%%

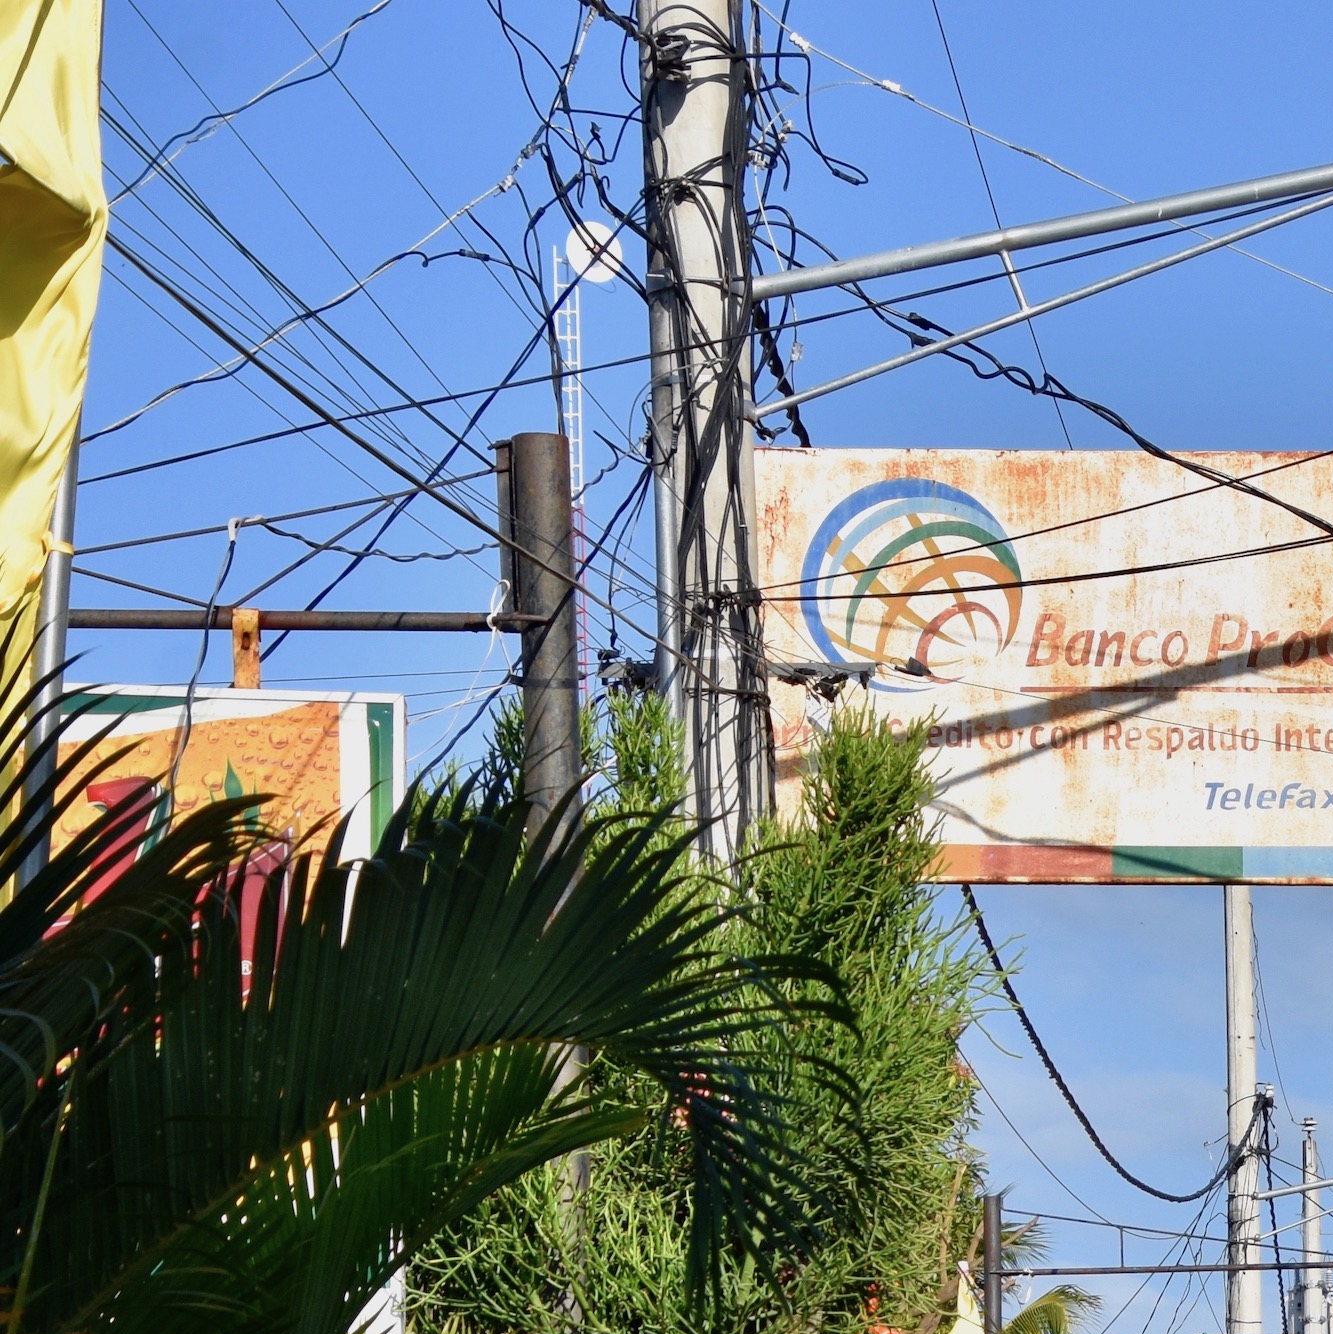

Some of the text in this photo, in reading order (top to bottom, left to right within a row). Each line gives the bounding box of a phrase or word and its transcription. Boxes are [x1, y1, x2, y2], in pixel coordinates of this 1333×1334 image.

[1025, 611, 1190, 669] Banco
[1028, 722, 1089, 751] con
[1103, 720, 1261, 760] Respaldo
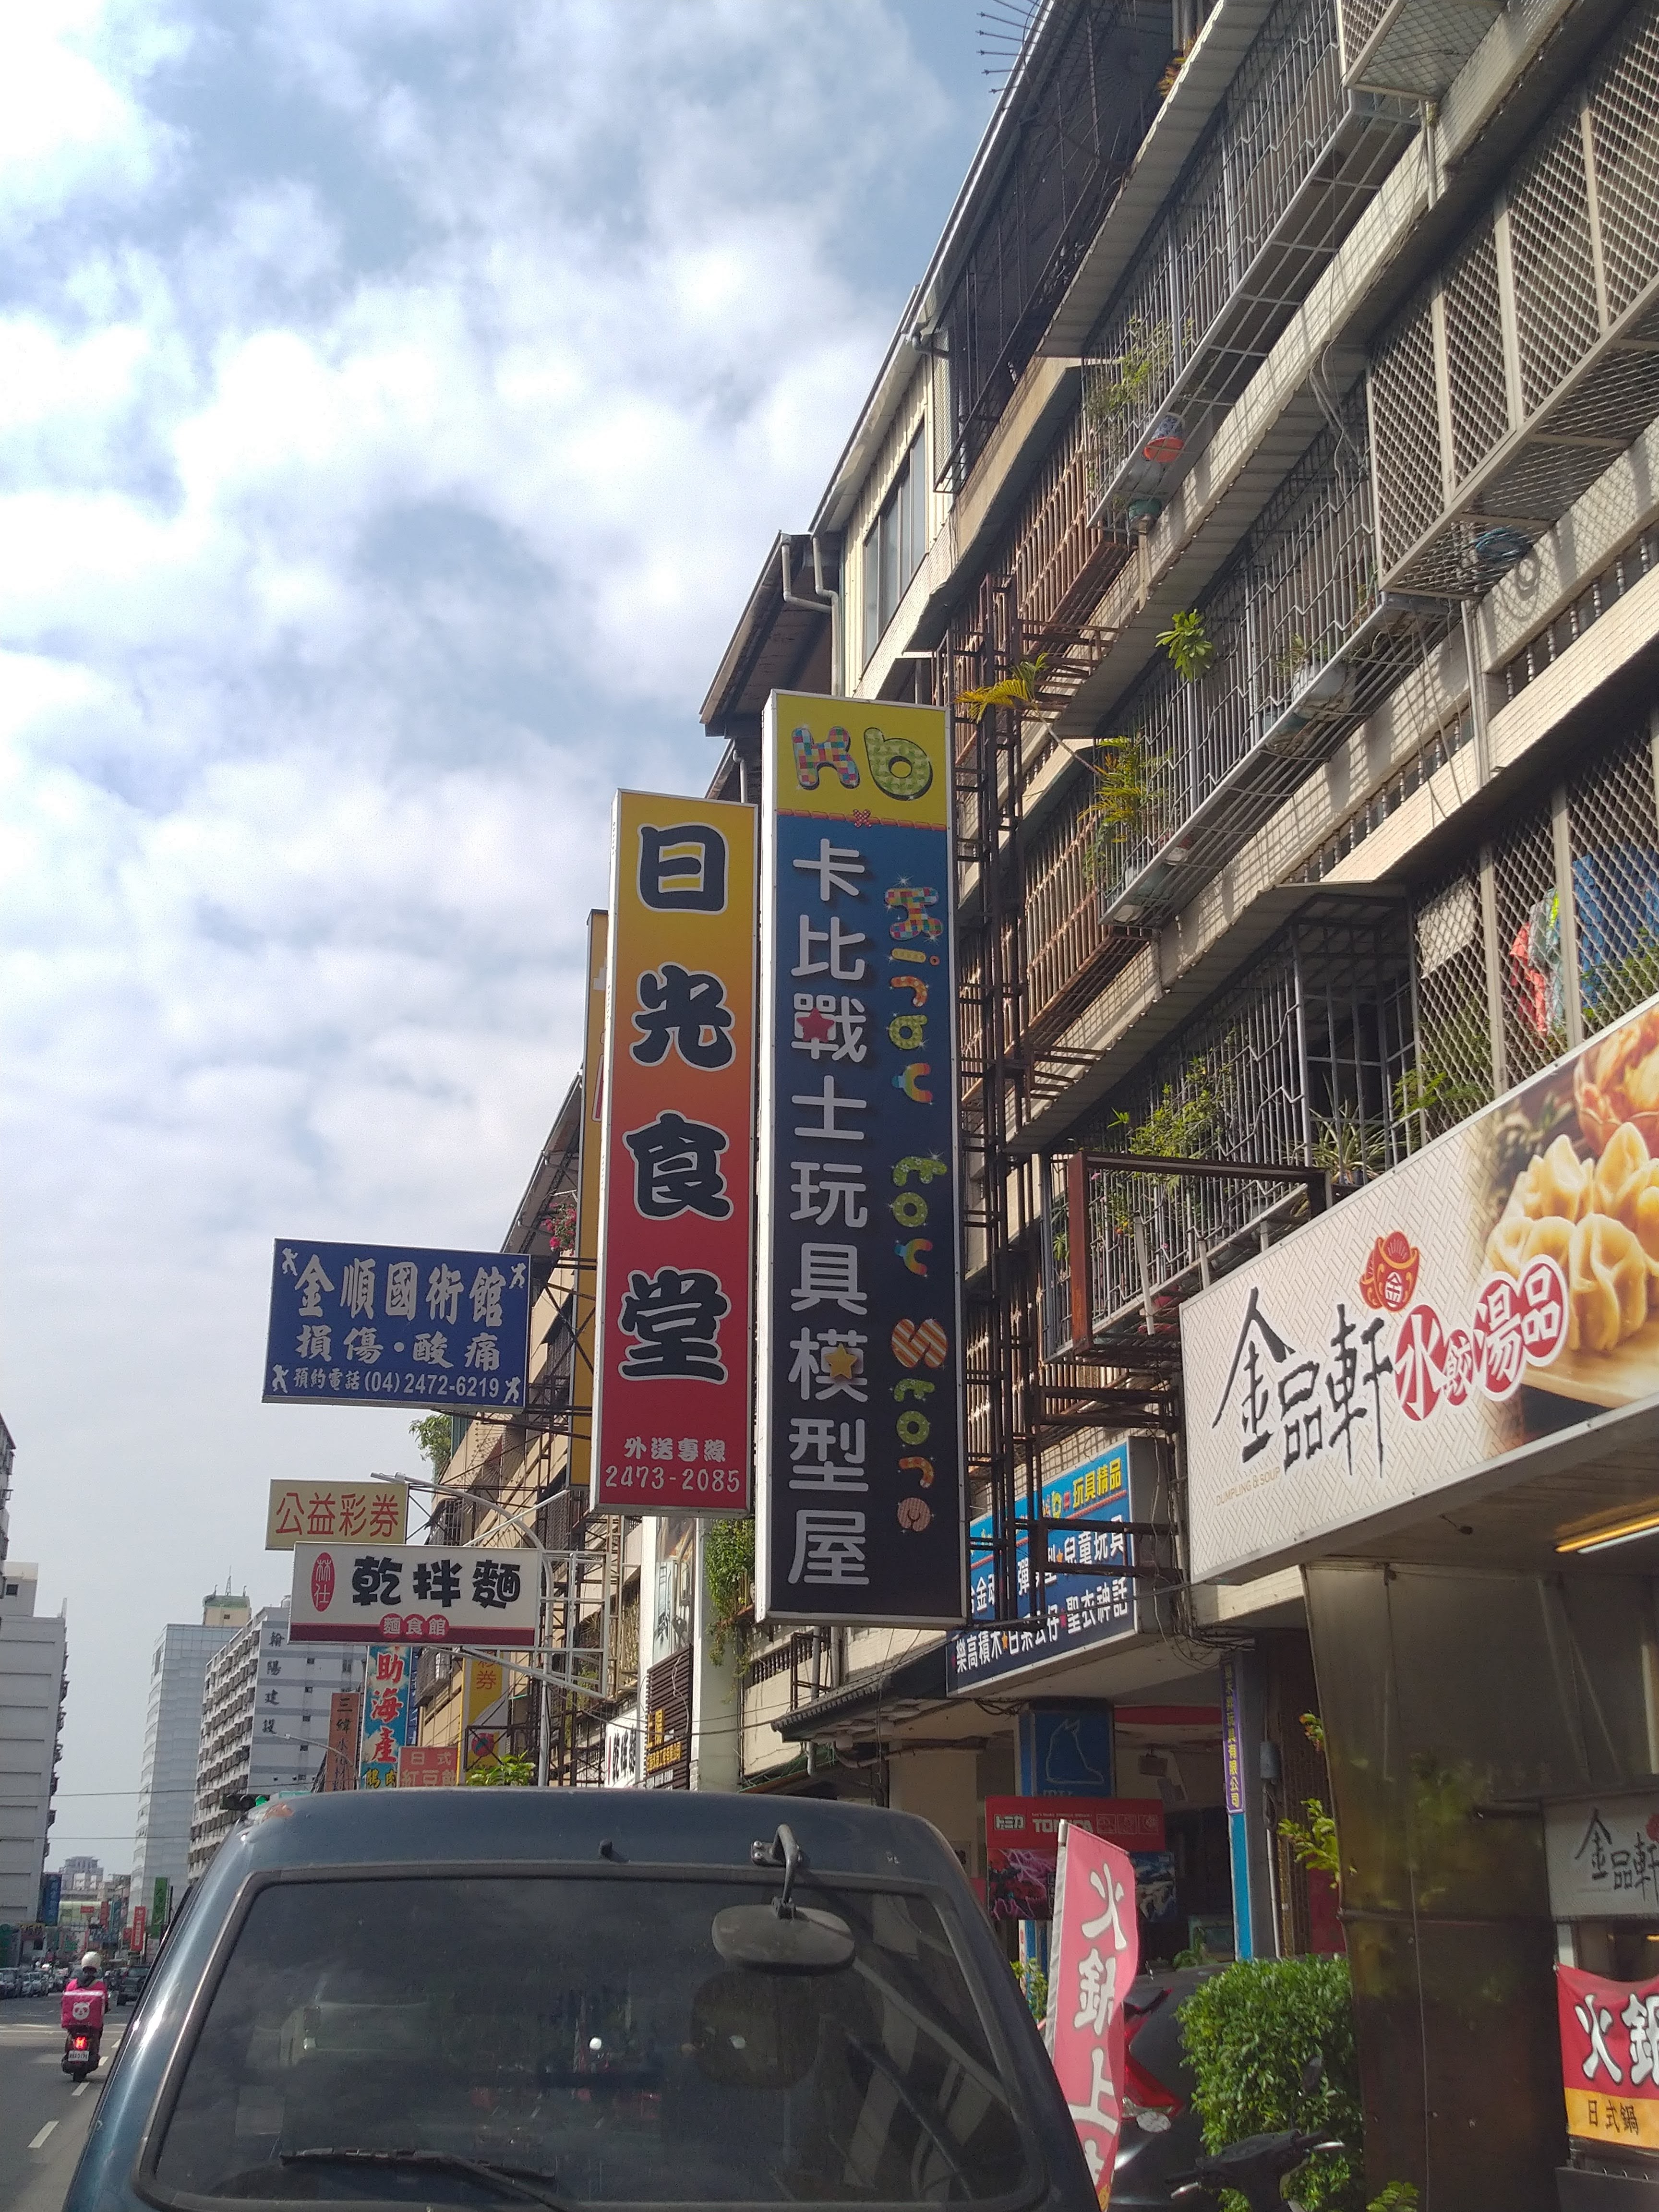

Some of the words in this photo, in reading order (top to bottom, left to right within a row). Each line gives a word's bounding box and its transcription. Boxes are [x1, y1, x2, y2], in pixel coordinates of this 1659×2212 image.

[617, 821, 735, 1385] 日光食堂
[294, 1253, 507, 1328] 金順國術館
[1395, 1261, 1560, 1420] 水餃湯品
[293, 1367, 360, 1391] 預約電話
[1211, 1286, 1394, 1479] 金品軒
[624, 1436, 725, 1463] 外送專線
[605, 1465, 740, 1492] 2473-2085
[1072, 1457, 1122, 1509] 玩具精品
[1216, 1479, 1252, 1506] DUMPLING
[1253, 1474, 1259, 1489] &
[1260, 1466, 1281, 1486] SOUP
[276, 1491, 399, 1537] 公益彩券
[351, 1555, 521, 1609] 乾拌麵
[384, 1617, 446, 1636] 麵食館
[368, 1646, 404, 1764] 助海產
[1575, 1807, 1659, 1906] 金品軒
[1587, 2099, 1639, 2136] 日式鍋
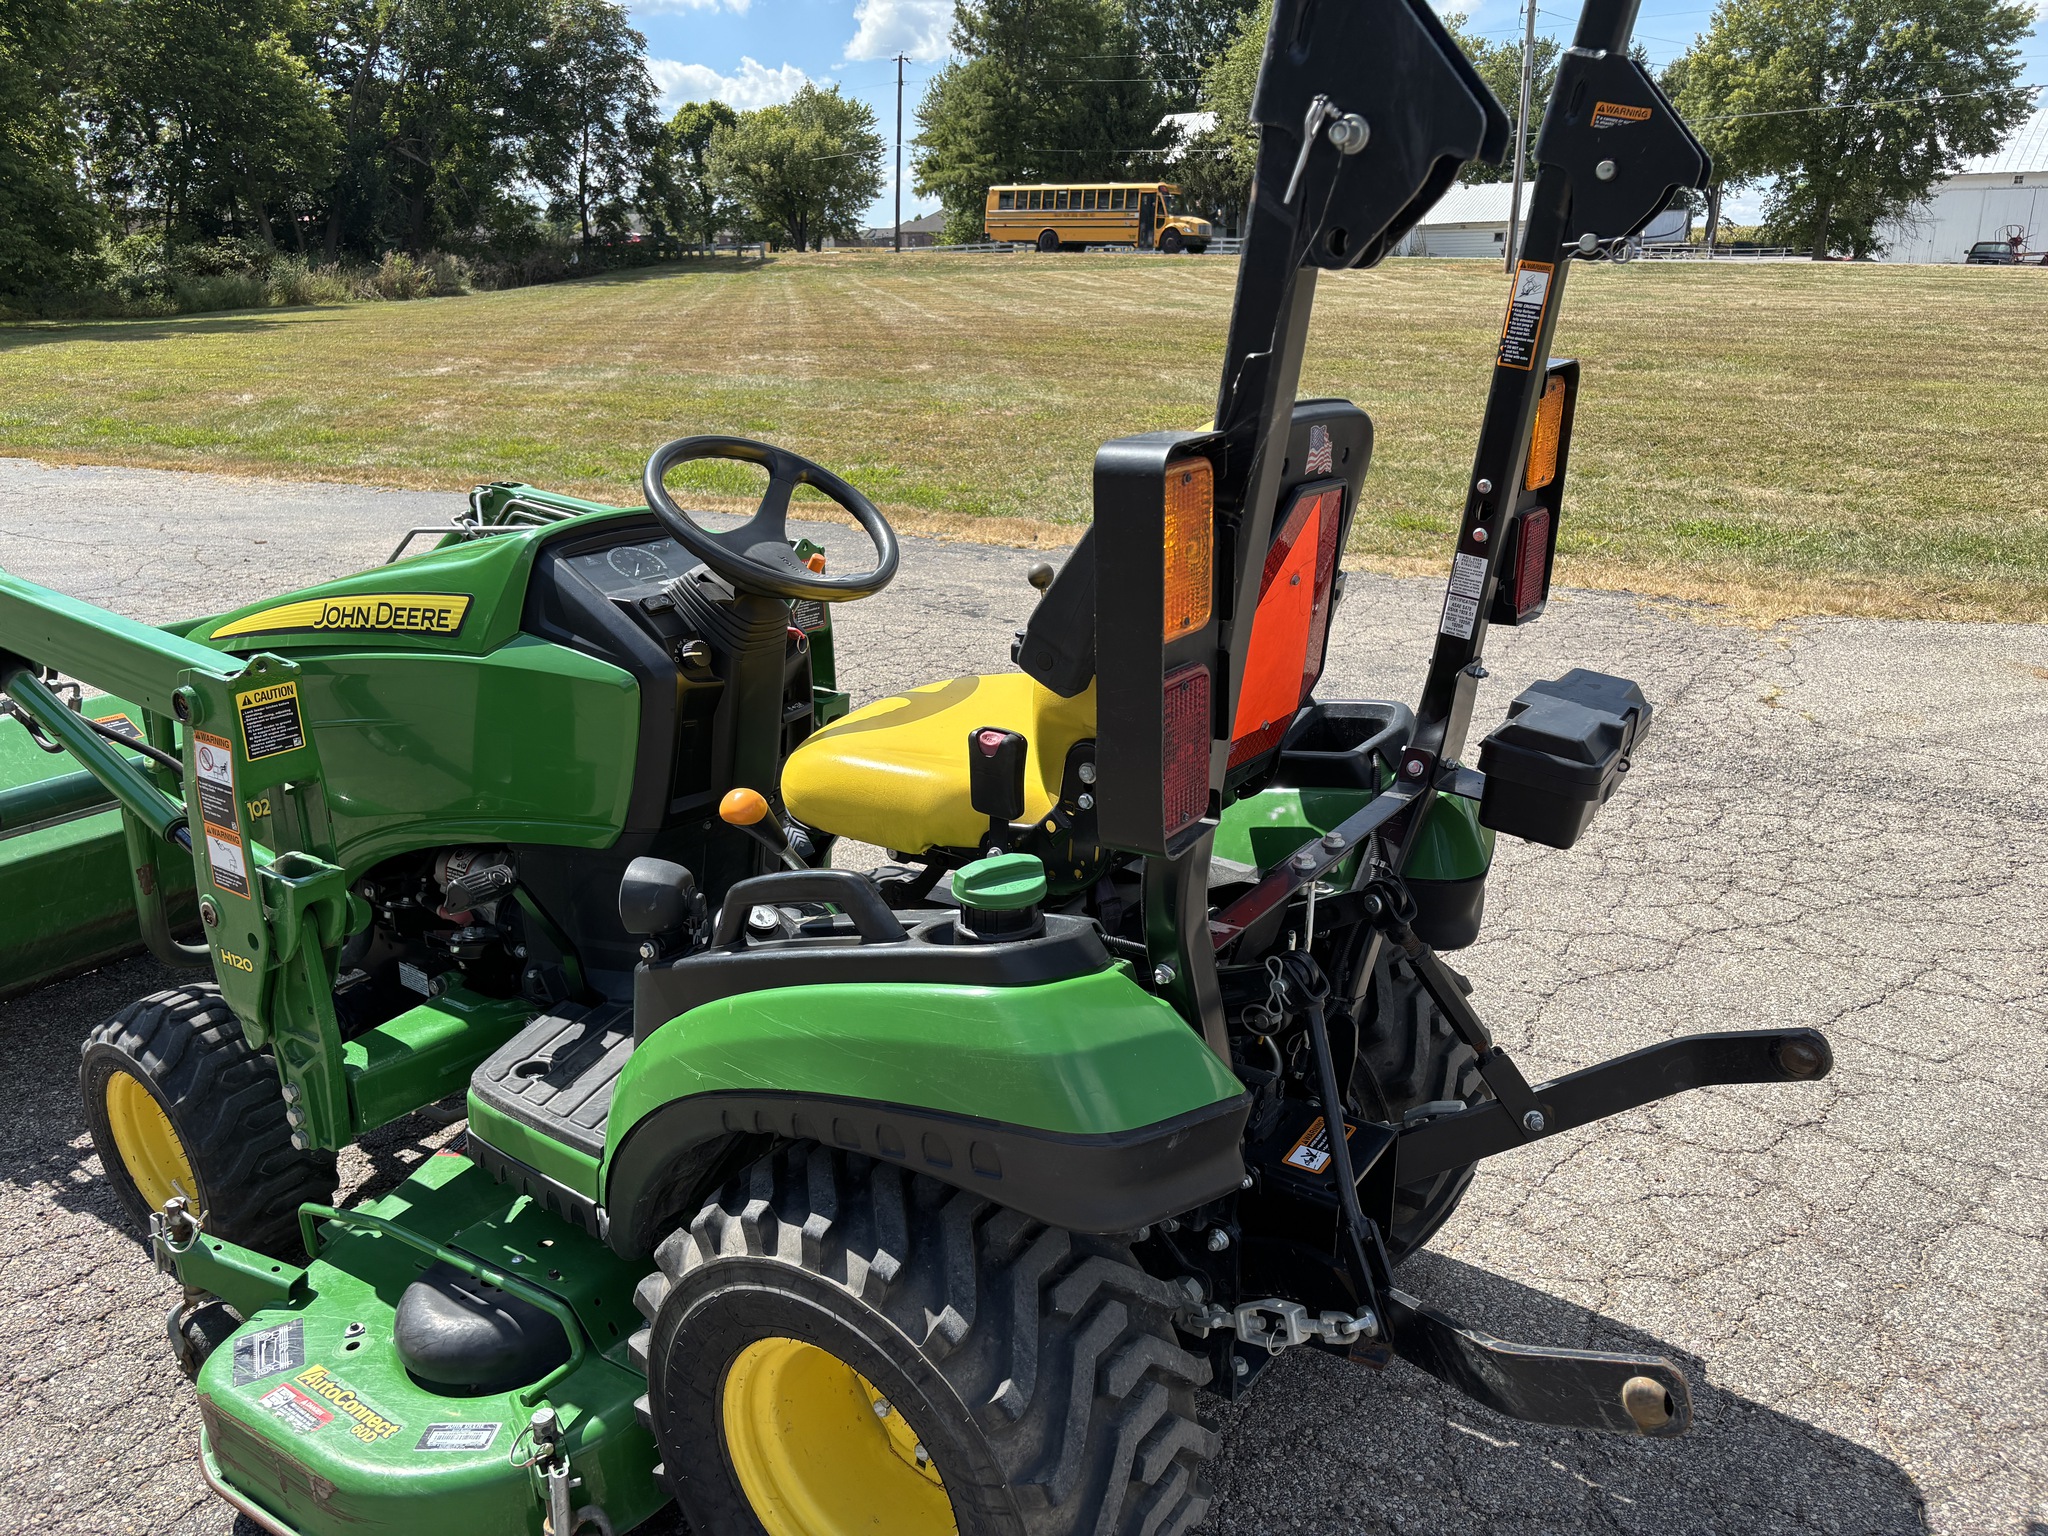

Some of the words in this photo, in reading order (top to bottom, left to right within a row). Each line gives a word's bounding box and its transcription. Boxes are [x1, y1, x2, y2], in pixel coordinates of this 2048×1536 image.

[1606, 105, 1648, 118] WARNING
[1527, 262, 1552, 272] WARNING
[314, 603, 371, 625] JOHN
[376, 602, 451, 628] DEERE
[254, 685, 294, 703] CAUTION
[200, 732, 230, 749] WARNING
[210, 829, 240, 845] WARNING
[220, 949, 253, 973] H120
[297, 1369, 402, 1440] AutoConnect
[350, 1423, 378, 1444] 60D

%%

◆ **EXERCISE OBJECTIVE**: The records above should be reproduced exactly, with the pictures omitted.

◆ **OUTPUT OF THE EXERCISE**:
Some of the text in this photo, in reading order (top to bottom, left to right within a row). Each line gives the bounding box of a phrase or word and its transcription. Boxes are [x1, y1, x2, y2], in pixel coordinates of this 1333×1334 image.

[1025, 611, 1190, 669] Banco
[1028, 722, 1089, 751] con
[1103, 720, 1261, 760] Respaldo

Some of the words in this photo, in reading order (top to bottom, left to right within a row). Each line gives a word's bounding box and its transcription. Boxes are [x1, y1, x2, y2], in pixel coordinates of this 1659×2212 image.

[617, 821, 735, 1385] 日光食堂
[294, 1253, 507, 1328] 金順國術館
[1395, 1261, 1560, 1420] 水餃湯品
[293, 1367, 360, 1391] 預約電話
[1211, 1286, 1394, 1479] 金品軒
[624, 1436, 725, 1463] 外送專線
[605, 1465, 740, 1492] 2473-2085
[1072, 1457, 1122, 1509] 玩具精品
[1216, 1479, 1252, 1506] DUMPLING
[1253, 1474, 1259, 1489] &
[1260, 1466, 1281, 1486] SOUP
[276, 1491, 399, 1537] 公益彩券
[351, 1555, 521, 1609] 乾拌麵
[384, 1617, 446, 1636] 麵食館
[368, 1646, 404, 1764] 助海產
[1575, 1807, 1659, 1906] 金品軒
[1587, 2099, 1639, 2136] 日式鍋

Some of the words in this photo, in reading order (top to bottom, left to right within a row). Each line gives a word's bounding box and its transcription. Boxes are [x1, y1, x2, y2], in pixel coordinates of this 2048×1536 image.

[1606, 105, 1648, 118] WARNING
[1527, 262, 1552, 272] WARNING
[314, 603, 371, 625] JOHN
[376, 602, 451, 628] DEERE
[254, 685, 294, 703] CAUTION
[200, 732, 230, 749] WARNING
[210, 829, 240, 845] WARNING
[220, 949, 253, 973] H120
[297, 1369, 402, 1440] AutoConnect
[350, 1423, 378, 1444] 60D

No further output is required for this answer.